Venez- près de moi, compagnons ! C’est l’automne,
mûrit
l’absinthe en graines de raisin
et en gueules de vipères le venin.
 
D’une clameur je voudrais ce jour dédier
en l’honneur de ma sauvage merveille, qui s’en va
me laissant seul,
avec mes larmes,
avec vous,
et l’automne.
 
Venez plus près ! Et celui qui a
des oreilles qu’il entende :
les douleurs sont profondes seulement quand elles rient.

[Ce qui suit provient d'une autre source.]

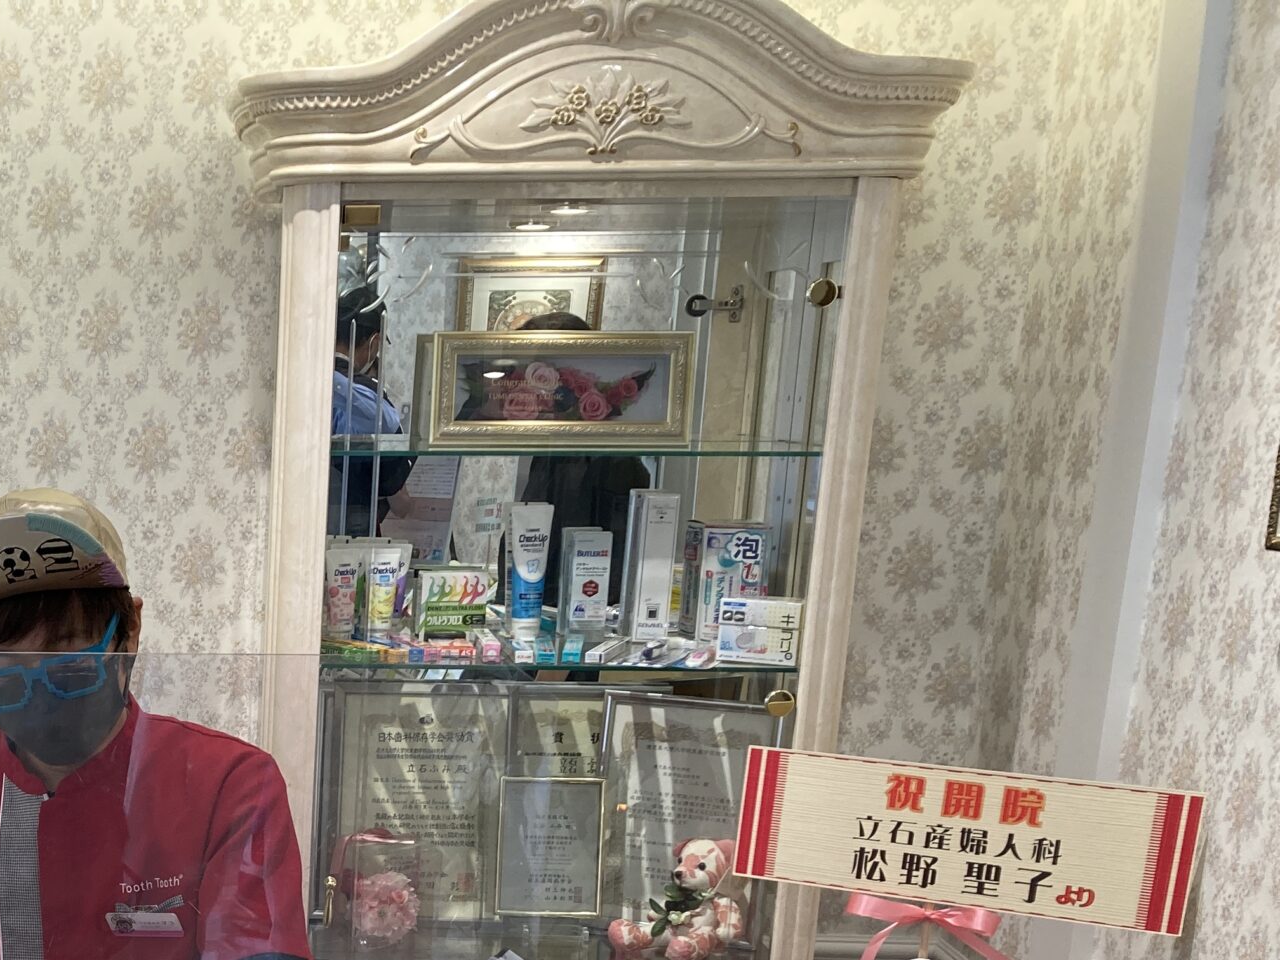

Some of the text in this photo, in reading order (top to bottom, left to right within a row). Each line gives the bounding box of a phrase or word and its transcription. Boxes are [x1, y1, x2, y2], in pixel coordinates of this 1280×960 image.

Que rie donc en ce jour en moi
l’amertume
et riant aux éclats qu’elle jette son calice aux nuages !
 
Venez- près de moi, compagnons, buvons !
Ha, ha ! Que clignote si étrange dans le ciel ?
Le croissant de lune ?
Non, non ! C’est l’éclat d’une grande coupe en or
qu’on brisa sur la voûte
avec un bras de fer.
 
Je suis ivre et voudrais démolir tout c’qu’est rêve,
ce qu’est temple et autel !
Venez- près de moi, compagnons ! Demain je mourrai,
 
mais vous laisse hériter
de mon crâne superbe, duquel vous boirez
l’absinthe
quand la vie vous passionne,
et poison
quand me suivre vous voudrez ! –
Venez avec moi, compagnons !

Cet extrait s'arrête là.